Sweet merciful crap. How many of these must we suffer through?

BQB here with a review of the latest Halloween flick.

At this point, Michael Myers has to be, what, 70 something years old? And he’s still breaking out of the asylum every Halloween night to slice and dice random townsfolk with his butcher knife?

Sigh. Typical Baby Boomer. Refusing to retire and allow the next generation of psycho serial killers to have a go.

Same with Laurie Strode. Jamie Lee Curtis is grandma-age as Michael’s favorite victim. You’d think at this point she’d move to Argentina, Brazil, Uzbekistan…somewhere Myers can’t get to.
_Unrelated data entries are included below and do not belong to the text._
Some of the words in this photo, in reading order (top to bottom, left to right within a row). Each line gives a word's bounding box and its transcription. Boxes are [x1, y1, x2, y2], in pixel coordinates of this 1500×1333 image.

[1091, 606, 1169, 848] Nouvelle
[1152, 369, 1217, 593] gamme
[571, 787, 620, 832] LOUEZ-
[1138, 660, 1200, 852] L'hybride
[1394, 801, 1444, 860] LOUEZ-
It’s unfortunate because I thought the last installment wasn’t terrible. If you missed it, Strode sets up a veritable house of horrors for Michael, leaving nothing to chance, all but ensuring that he will be destroyed the next time he comes after her. She does this with the help of her daughter and grand-daughter, very modern in that three generations of women are done being victims and are fighting back.
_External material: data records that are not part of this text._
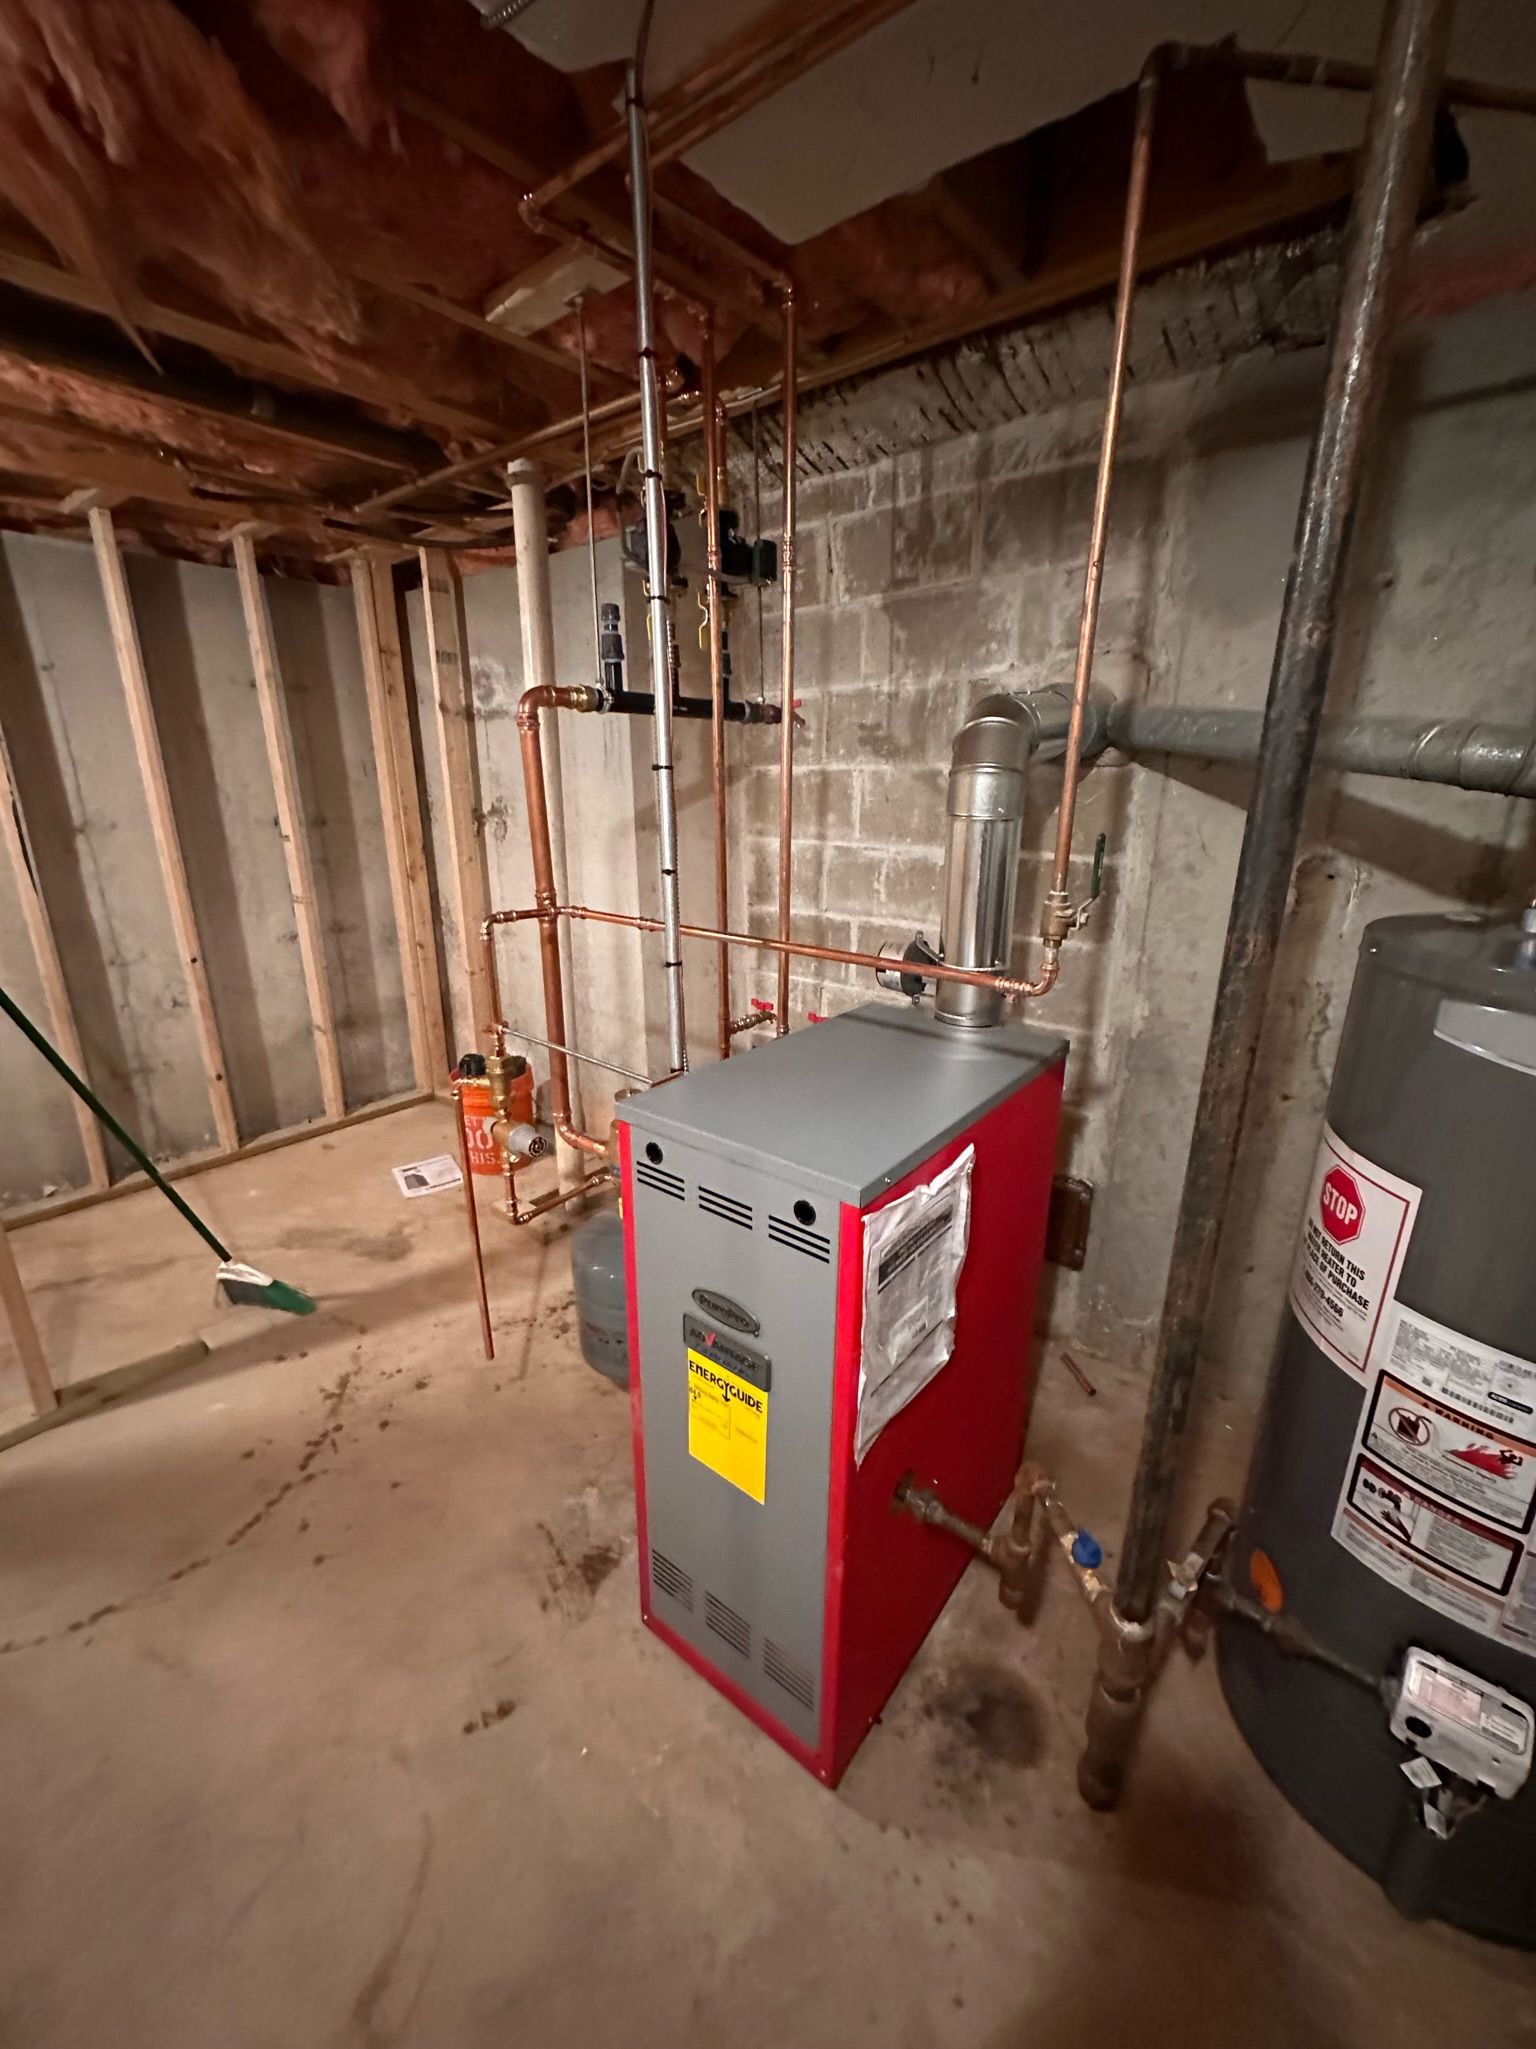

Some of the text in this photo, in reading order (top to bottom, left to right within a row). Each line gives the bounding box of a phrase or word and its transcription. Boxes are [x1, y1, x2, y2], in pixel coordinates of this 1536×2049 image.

[470, 1151, 500, 1164] HIS.
[1323, 1182, 1358, 1225] STOP
[1320, 1243, 1345, 1279] HEATER
[1346, 1270, 1357, 1288] TO
[1322, 1236, 1346, 1266] RETURN
[1347, 1256, 1366, 1281] THIS
[1319, 1261, 1328, 1273] OF
[1327, 1269, 1371, 1311] PURCHASE
[1433, 1405, 1495, 1440] WARNING
But, hey money is money and I guess the studio decided to go back to the well for more cash, though this one is rather…meh.

Spoiler alert – as it turns out, Laurie’s murder house fails to claim Double-M because let’s face it, nothing ever does. The dude has been through what, 20 movies now? He’s been shot, stabbed, chainsawed, had bombs dropped on him, blown up with dynamite, set on fire…wasn’t he shot up into space once or was that Jason? Anyway, Myers is the Timex of slashers. He takes a licking and keeps on ticking.
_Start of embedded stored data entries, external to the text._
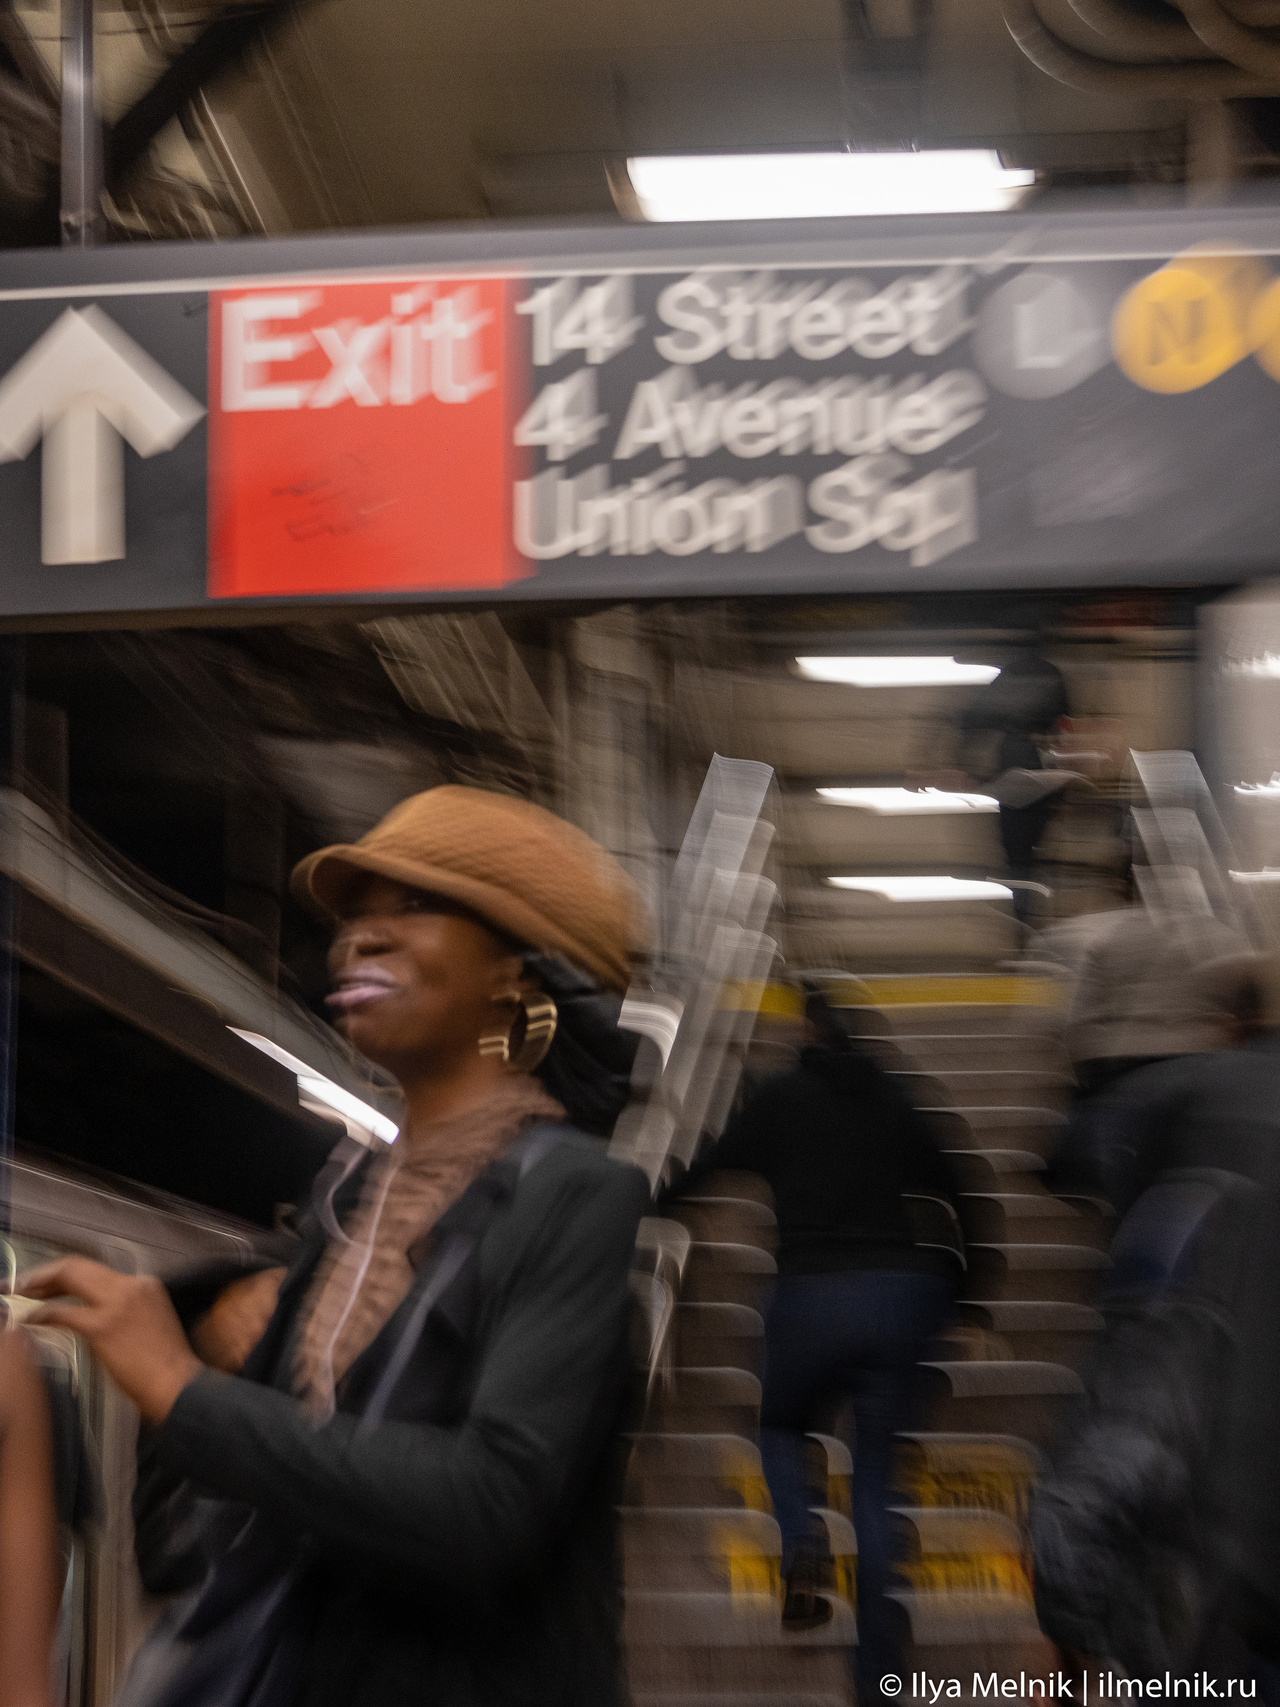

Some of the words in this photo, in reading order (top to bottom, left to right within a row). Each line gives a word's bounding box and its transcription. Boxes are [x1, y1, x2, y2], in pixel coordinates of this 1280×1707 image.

[222, 284, 496, 412] Exit
[515, 270, 638, 365] 14
[654, 262, 970, 363] Street
[1144, 298, 1214, 369] N
[514, 368, 606, 460] 4
[613, 366, 986, 460] Avenue
[513, 460, 807, 560] Union
[806, 452, 978, 566] Sq
Meanwhile, the people of Haddonfield have had enough of this bullshit. Led by Tommy Doyle (Anthony Michael Hall as the jacked old man who makes you wonder where the goofy little kid from the Chevy Chase Vacation movie or Weird Science went and how time can be such a bitch), a kid who got away from one of Myer’s early 1970s rampages, the townsfolk form a posse to hunt down and kill Myers once and for all, begging the audience to ask the question…what the hell took them so long?

From thereon, the movie becomes more of a meditation on the mob mentality and vigilante justice – i.e. we get it. Sometimes it feels like the system has failed so the people have to take the law into their own hands…except the people are not trained, they don’t have police credentials and they are emotional idiots who get it wrong and sure enough, they get it wrong and end up as bad as the killer they are chasing.

Meh. As a director, Carpenter was one of the first to put intense and scary, gory scenes on camera, stuff that really scared the pants off viewers and no one had dared film before. We can debate whether or not he should have opened that door. But he was also able to accomplish a lot of a scary song and ominous footsteps whereas directors today just try to add more and more gore.

STATUS: Shelf-worthy. It’s OK and it’s a fun little diversion this Halloween season. It got me to open my long dusty Peacock app, so there’s that. On the other hand, it’s not anything I’m itching to watch again. I do kind of wonder why, when everything else has gotten the modern reboot treatment, why they don’t just recast it with younger actors at this point. Myers I guess is an immortal monster so his age doesn’t matter but I’m not sure how much longer they can have him chase Grannie Laurie Strode and still have it make sense, if it ever did.